Interpreting the power spectral density of a fluctuating colloidal current
Stuart F. Knowles, Eleanor K. R. Mackay, Alice L. Thorneywork

TL;DR
This study uses a controllable colloidal microfluidic system to analyze the power spectral density of fluctuating particle currents, linking noise characteristics to underlying transport mechanisms, which can inform understanding of molecular transport in nanopores.
Contribution
It introduces a colloidal model system for experimental analysis of current fluctuations, connecting spectral features to particle dynamics and flow profiles, advancing the understanding of noise in transport processes.
Findings
Power spectral density reflects particle speed distributions and flow profiles.

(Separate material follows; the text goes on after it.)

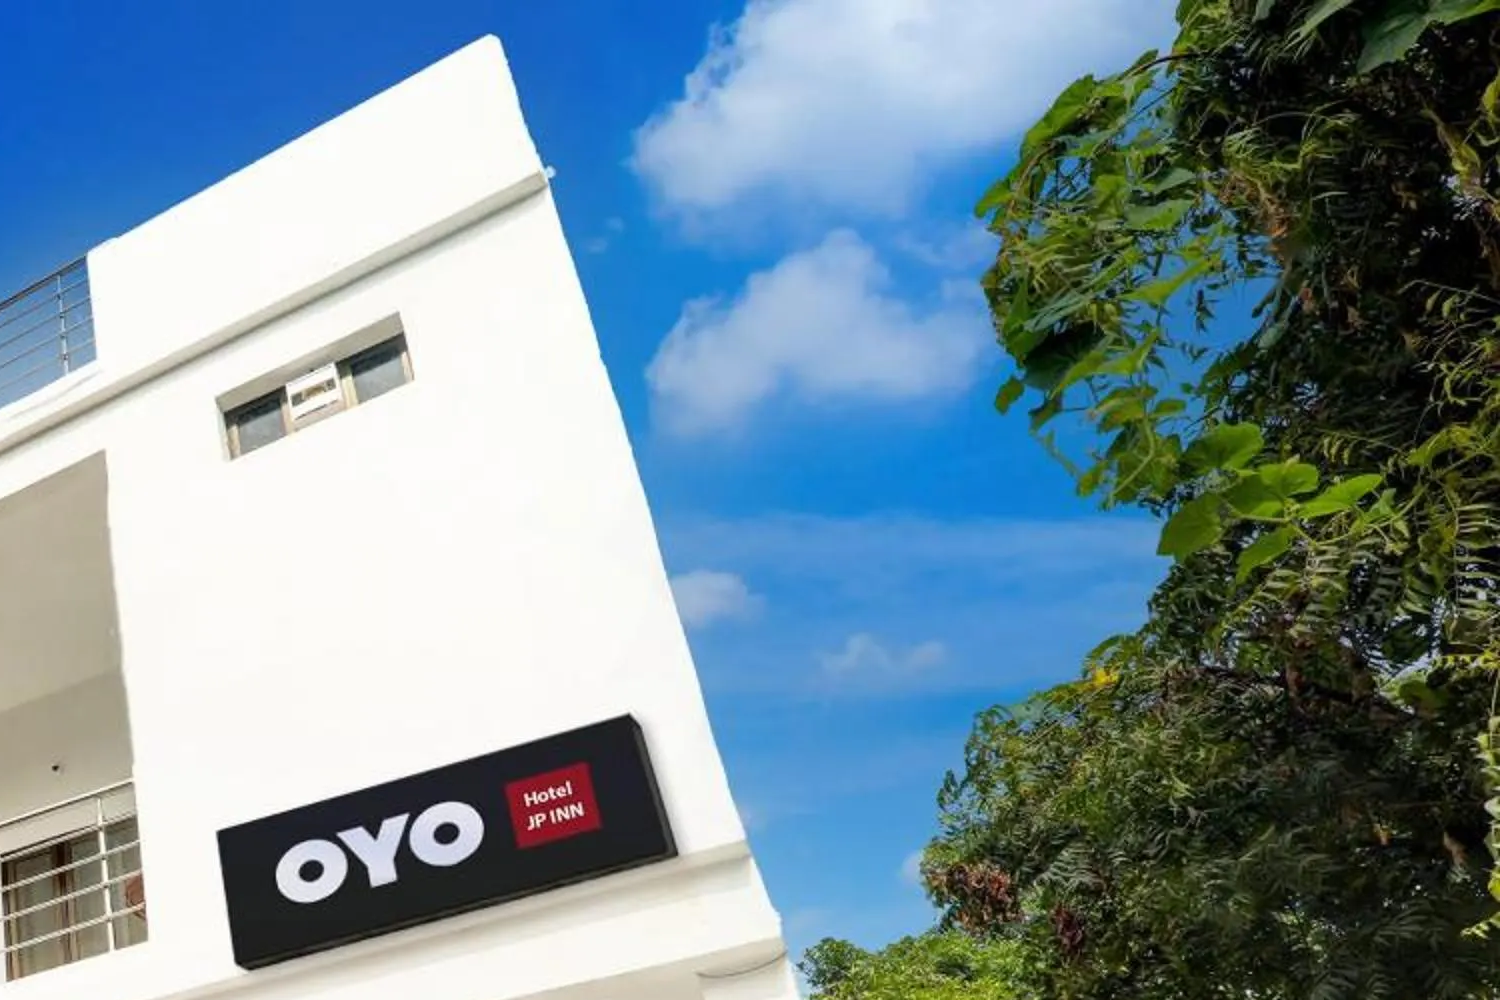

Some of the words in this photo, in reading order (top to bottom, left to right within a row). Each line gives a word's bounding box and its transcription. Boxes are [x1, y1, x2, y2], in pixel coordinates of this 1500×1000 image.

[523, 780, 573, 808] Hotel
[527, 813, 547, 831] JP
[549, 801, 584, 825] INN
[275, 801, 484, 904] OYO

Shot noise with finite transit time models the observed spectral scalings.
Particle velocity distributions are sensitive to confining geometry.
Abstract
The transport of molecules through biological and synthetic nanopores is governed by multiple stochastic processes that lead to noisy, fluctuating currents. Disentangling the characteristics of different noise-generating mechanisms is central to better understanding molecular transport at a fundamental level but is extremely challenging in molecular systems, due to their complexity and relative experimental inaccessibility. Here, we construct a colloidal model microfluidic system for the experimental measurement of particle currents, where the governing physical properties are directly controllable and particle dynamics directly observable, unlike in the molecular case. Currents of hard spheres fluctuate due to the random arrival times of particles into the channel and the distribution of particle speeds within the channel, which results in characteristic scalings in the power spectral…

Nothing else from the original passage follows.